Il cambiamento climatico getta nel panico i ricercatori dell’Enea. Questi ultimi hanno sviluppato un nuovo metodo per designare una mappatura delle aree costiere a rischio inondazione.
ENEA ha sviluppato un nuovo servizio in grado di mappare le aree costiere a rischio inondazione per il cambiamento climatico che abbina modelli ad alta risoluzione, tecnologie satellitari e rilievi sul campo. Il nuovo servizio climatico è stato messo a punto da un team di ricercatori composto da climatologi, esperti GIS, oceanografi e geologi ed è stato presentato al XXI Congresso International Union for Quaternary Research (INQUA), una delle più importanti conferenze internazionali sulle scienze del Quaternario[3] che si è svolta di recente a Roma. Ad oggi, sono state completate le mappe di Follonica-Piombino e Marina Di Campo in Toscana, Fertilia-Alghero in Sardegna e Parco Nazionale del Circeo (Latina-Sabaudia) nel Lazio, mentre sono in via di definizione quelle dei litorali della Spezia, Roma, Napoli, Brindisi, Taranto e Cagliari.

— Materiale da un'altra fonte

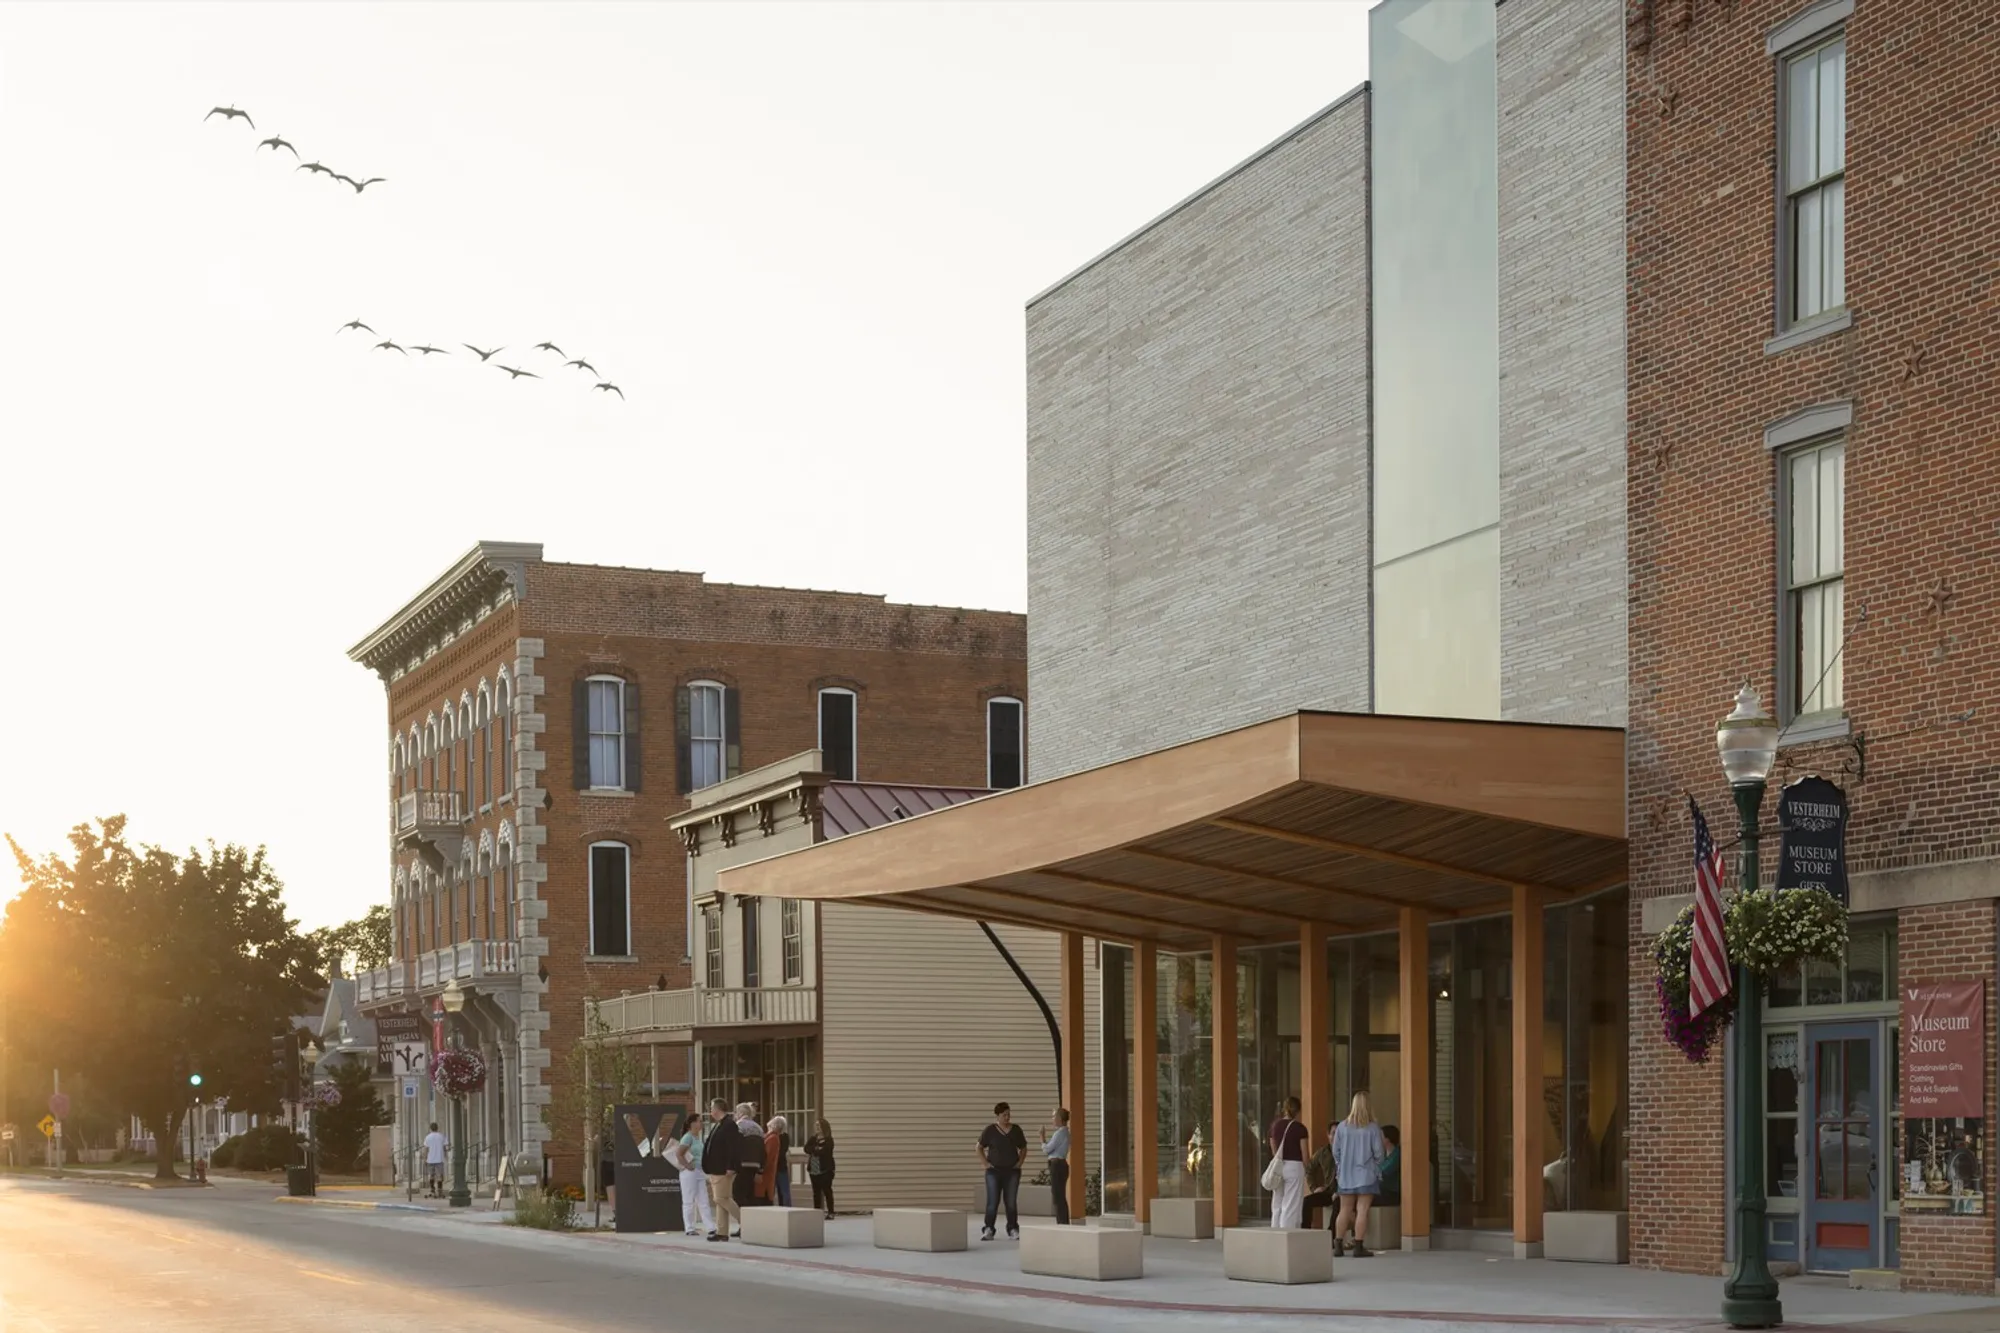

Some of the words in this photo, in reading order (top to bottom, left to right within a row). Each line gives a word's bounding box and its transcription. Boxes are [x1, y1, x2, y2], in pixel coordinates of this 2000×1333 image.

[1788, 801, 1840, 819] VESTERHEIM
[1789, 845, 1838, 861] MUSEUM
[1794, 861, 1832, 875] STORE
[1910, 1014, 1970, 1032] Museum
[1910, 1034, 1946, 1053] Store
[1909, 1064, 1948, 1072] Scandinavian
[1948, 1062, 1963, 1071] Gifts
[1909, 1074, 1935, 1084] Clothing
[1909, 1085, 1921, 1093] Folk
[1923, 1085, 1933, 1093] Art
[1933, 1084, 1959, 1094] Supplies
[1909, 1096, 1921, 1104] And
[1922, 1096, 1938, 1104] More

Nella mappa si può vedere che il territorio pontino è caratterizzato di diverse aree di colore blu, ovvero con un grave rischio di finire sotto il livello del mare entro un periodo compreso tra il 2070 e il 2099.
Ciò che più preoccupa è che non si parla solo di zone che si trovano a ridosso del mare o delle lingue di terra che separano i laghi dal mare, ma anche di aree un po’ più interne.
In particolare a borgo Sabotino dove il rischio di inondazione è indicato in maniera evidente.
“Il nuovo servizio climatico – spiega l’agenzia Enea – è stato messo a punto da un team di ricercatori composto da climatologi, esperti Gis, oceanografi e geologi. Il servizio intende fornire a decisori pubblici e pubbliche amministrazioni centrali e locali le tendenze evolutive del territorio, in modo da pianificare le strategie di adattamento al cambiamento climatico”.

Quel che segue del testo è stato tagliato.